The Hitchhiker's Guide to the Galaxy (2005). Radio, TV, records, the stage, comics, even a computer game. Douglas Adams's massively popular riff on the end of the world has been with us for literally decades in practically every form imaginable except, oddly, a movie. It finally arrived to open this year's strange summer season and met with a mixed reception. But the New York Times's Manohla Dargis found it "hugely likable," noting that the filmmakers "have held onto a genuine sense of childlike wonder, which works as a nice corrective to what might otherwise come across as an overabundance of hip." And don't forget your towel.
Nobody Knows (2004). "Prime movie-of-the-week material," notes Filmbrain. "Four children, ranging in age from five to twelve, are left to fend for themselves in a Tokyo apartment after their mother abandons them. A thousand and one dire films could easily have been made from this premise, yet Koreeda manages to avoid every possible cliché and pitfall (and there are many) in his take on events that actually did occur back in 1988.... Nobody Knows isn't always an easy film to watch - as the seasons go by and the conditions worsen (the film was shot chronologically), it becomes increasingly uncomfortable to passively observe the inevitable downward spiral. Still, it's one that shouldn't be missed."
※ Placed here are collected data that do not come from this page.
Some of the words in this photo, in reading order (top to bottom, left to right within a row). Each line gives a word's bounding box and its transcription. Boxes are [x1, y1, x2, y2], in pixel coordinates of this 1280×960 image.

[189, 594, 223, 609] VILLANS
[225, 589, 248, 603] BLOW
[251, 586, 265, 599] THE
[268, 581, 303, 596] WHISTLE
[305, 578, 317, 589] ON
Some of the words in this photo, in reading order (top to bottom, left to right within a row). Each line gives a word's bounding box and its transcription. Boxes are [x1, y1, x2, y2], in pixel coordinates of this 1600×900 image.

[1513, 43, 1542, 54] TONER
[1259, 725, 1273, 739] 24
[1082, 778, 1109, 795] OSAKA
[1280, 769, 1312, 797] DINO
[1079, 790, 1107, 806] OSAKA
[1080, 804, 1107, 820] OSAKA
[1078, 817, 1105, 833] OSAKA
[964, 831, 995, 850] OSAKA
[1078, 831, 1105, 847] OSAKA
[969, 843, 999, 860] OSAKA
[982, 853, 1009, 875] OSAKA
Head-On (2004). Before Head-On went on to win the Golden Bear at the Berlin Film Festival, David Hudson called it "an exhilarating return to what even [the director] calls the 'Fatih Akin film'... This is one of the most alive and lively films in Competition, thanks evidently to Akin's semi-improvisational approach and thanks most definitely to the two leads, Birol Ünel as Cahit and newcomer Sibel Kekilli, who plays a girl from a conservative Turkish family in Hamburg. She wants out, she wants sex, she wants to get high, to do what she wants whenever she wants... Cahit's situation: Depressed and depressing and yet in a ferociously amusing way. Until he rams his car into a wall. At the hospital, he meets Sibil; she's just slashed her wrists. And she has an idea: If he marries her, she'll clean his place and stay out of his way and her family will leave her alone. A marriage of convenience for both, in other words. They'll live their own lives and most certainly will not fall in love. Well. Yes, it happens, but it's the journey, not the destination (which isn't as predictable as it might seem at first) that makes this a favorite with press who hooted and cheered as Akin and his cast entered the press conference."
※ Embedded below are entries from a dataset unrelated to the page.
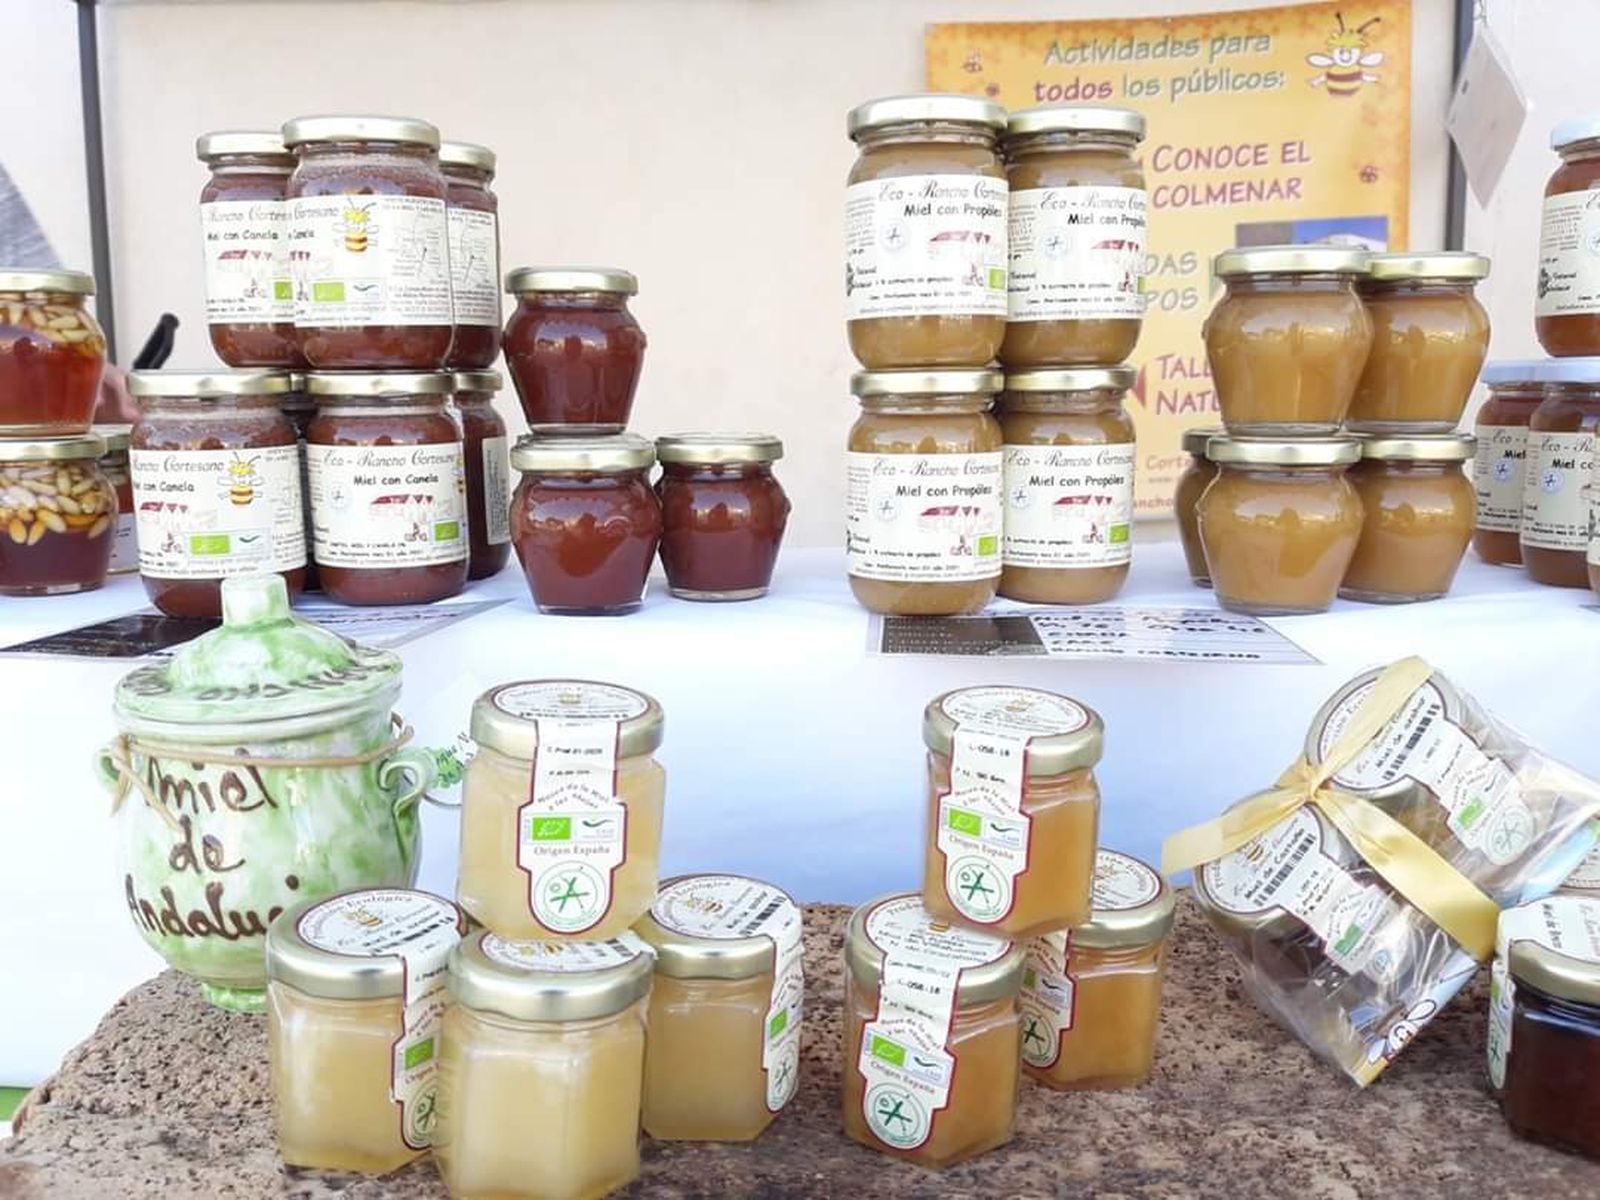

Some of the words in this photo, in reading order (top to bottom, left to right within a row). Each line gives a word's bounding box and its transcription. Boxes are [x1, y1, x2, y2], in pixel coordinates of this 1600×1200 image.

[1044, 35, 1200, 67] Actividades
[1209, 33, 1272, 64] para
[1035, 80, 1114, 102] todos
[1122, 73, 1161, 97] los
[1171, 68, 1286, 103] públicos:
[1153, 140, 1269, 173] CONOCE
[1280, 140, 1312, 165] EL
[1153, 178, 1302, 209] COLMENAR
[903, 203, 932, 217] Miel
[936, 204, 960, 215] con
[1067, 213, 1095, 226] Miel
[1100, 215, 1118, 226] con
[1503, 449, 1527, 461] Miel
[164, 455, 226, 473] Cortesano
[1551, 458, 1575, 470] Miel
[160, 480, 195, 493] Canela
[353, 474, 377, 487] Miel
[381, 475, 401, 486] con
[405, 474, 439, 486] Canela
[1028, 475, 1055, 488] Miel
[1059, 477, 1081, 488] con
[895, 485, 921, 498] Miel
[926, 486, 949, 497] con
[169, 814, 247, 875] de
[534, 845, 571, 858] Origen
[573, 845, 611, 858] España
[949, 834, 980, 851] Origen
[981, 844, 1015, 861] España
[1244, 879, 1263, 900] Miel
[1262, 866, 1274, 880] de
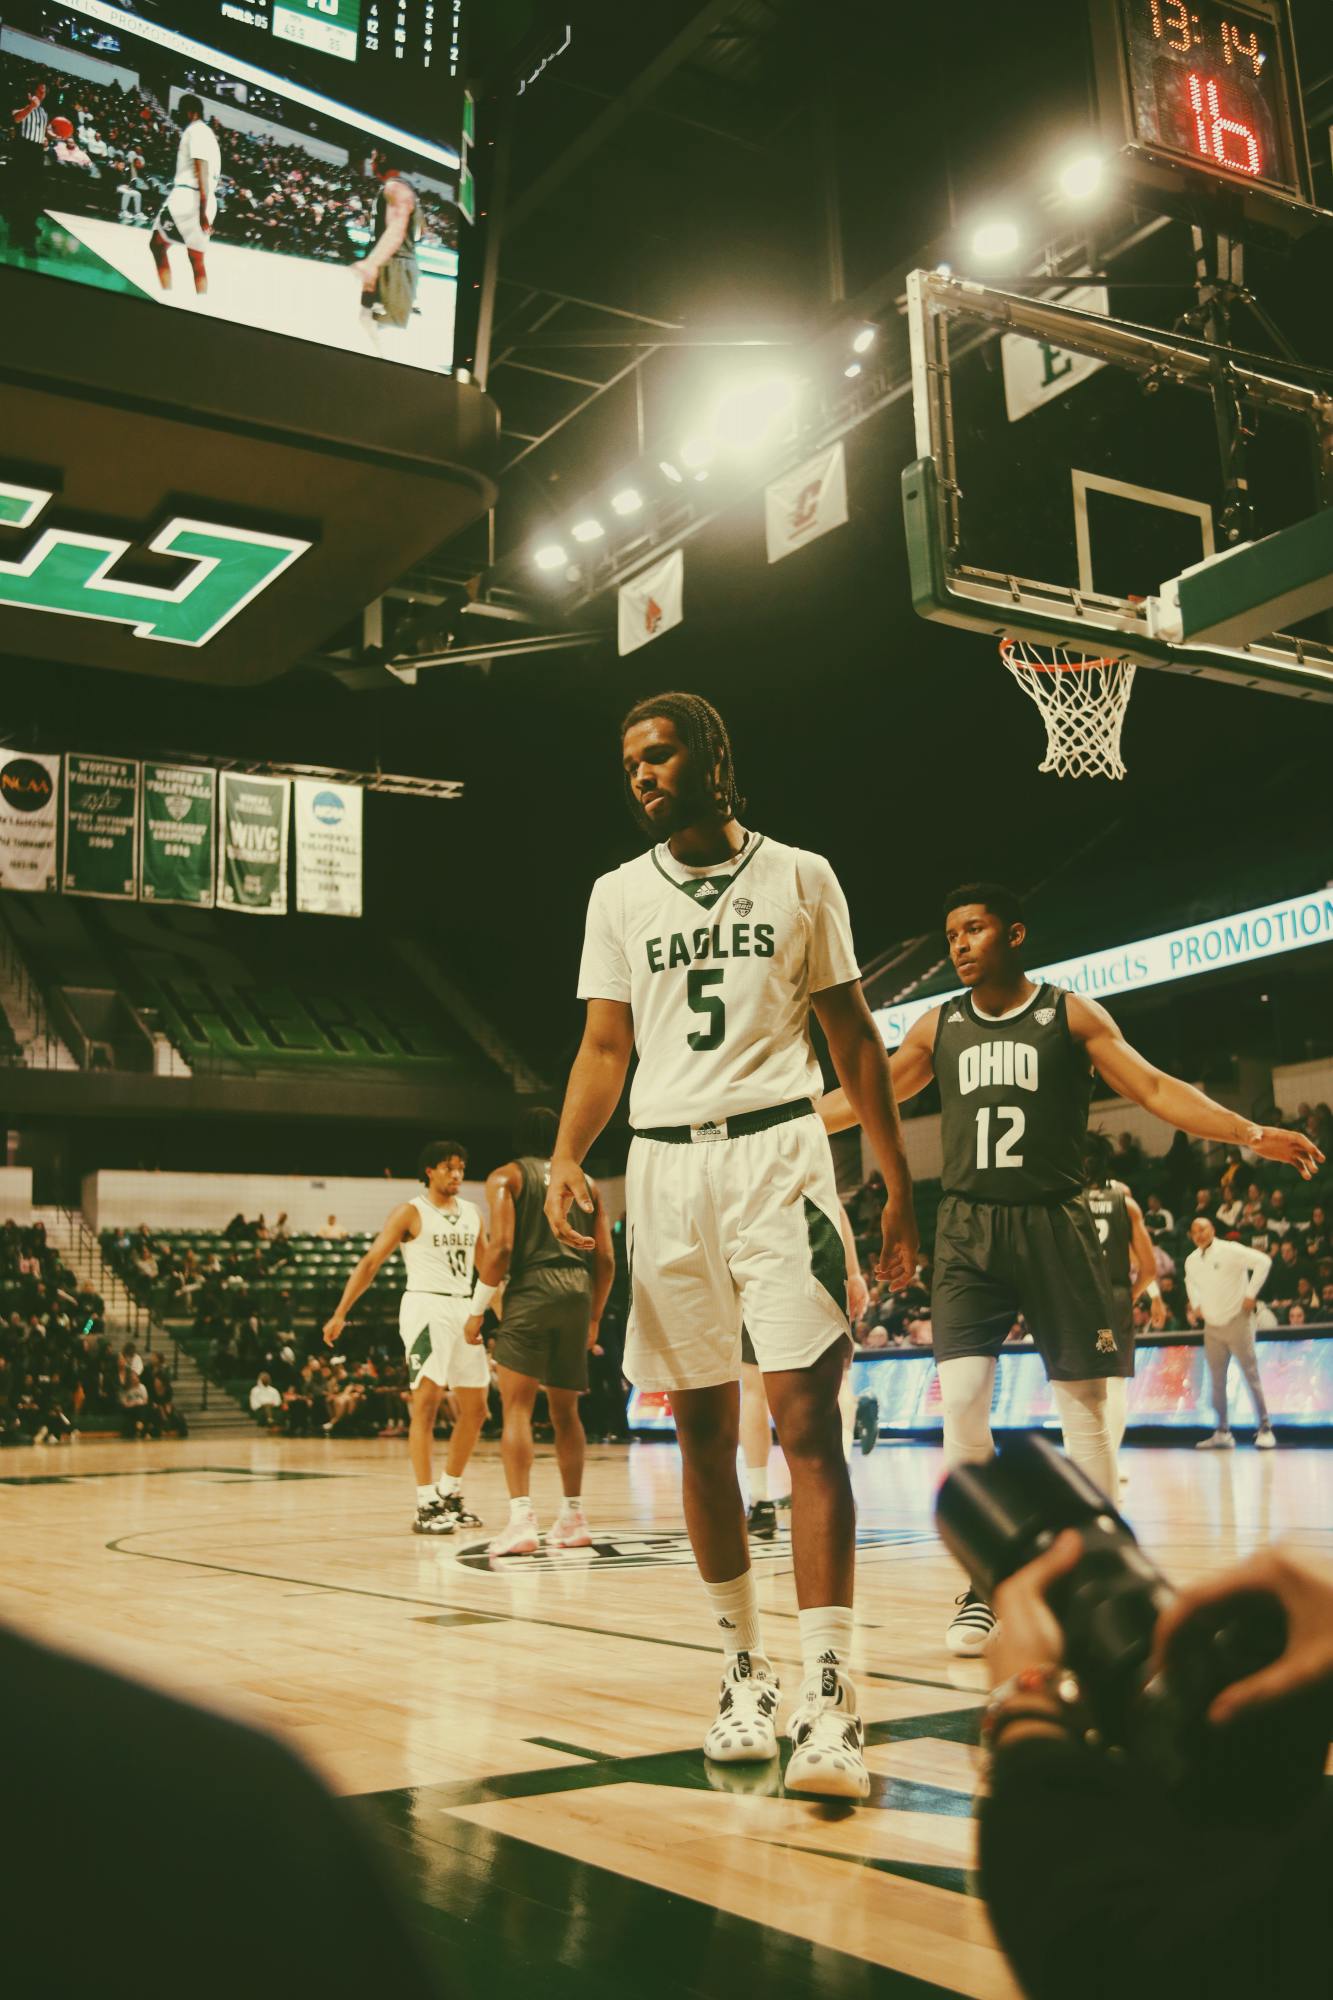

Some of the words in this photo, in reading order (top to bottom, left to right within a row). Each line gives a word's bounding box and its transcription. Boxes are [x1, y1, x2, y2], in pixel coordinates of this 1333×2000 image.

[1188, 74, 1259, 174] 16
[646, 923, 775, 974] EAGLES
[1032, 953, 1149, 994] oducts
[686, 968, 726, 1052] 5
[958, 1040, 1039, 1096] OHIO
[975, 1106, 1026, 1170] 12
[433, 1232, 475, 1248] EAGLES
Though she lives in Paris now, the roots of Margarethe von Trotta's career are deeply embedded in the New German Cinema of the 70s and 80s. She acted in a few Fassbinder films and eventually married Volker Schlöndorff, with whom she co-directed The Lost Honor of Katharina Blum (and they would eventually divorce). She broke out on her own with The Second Awakening of Christa Klages, "an acutely observed reflection on her favorite theme: the powerful (and often mysterious) psychic bond among women," as Scott Tobias has written for the AV Club. Two other von Trotta films are out today as well: Sisters, or the Balance of Happiness (1981), which Janet Maslin in the New York Times called "a quietly accomplished film, and often a very good one, skillful in its examination of both the separateness and the similarity of these two women"; and Sheer Madness (1983), which is an intriguing record of its era.
Rock School (2005). Richard Linklater has said he'd never heard of Paul Green when he made School of Rock and we're giving him the benefit of the doubt. But Green, for better and worse, is the real McCoy, a guy who actually runs a school in which he teaches kids to, you know, rock. But he's not quite as sweet or cuddly as Jack Black and the result here, as Manohla Dargis put it in the New York Times, is an "alternately hilarious and alarming documentary."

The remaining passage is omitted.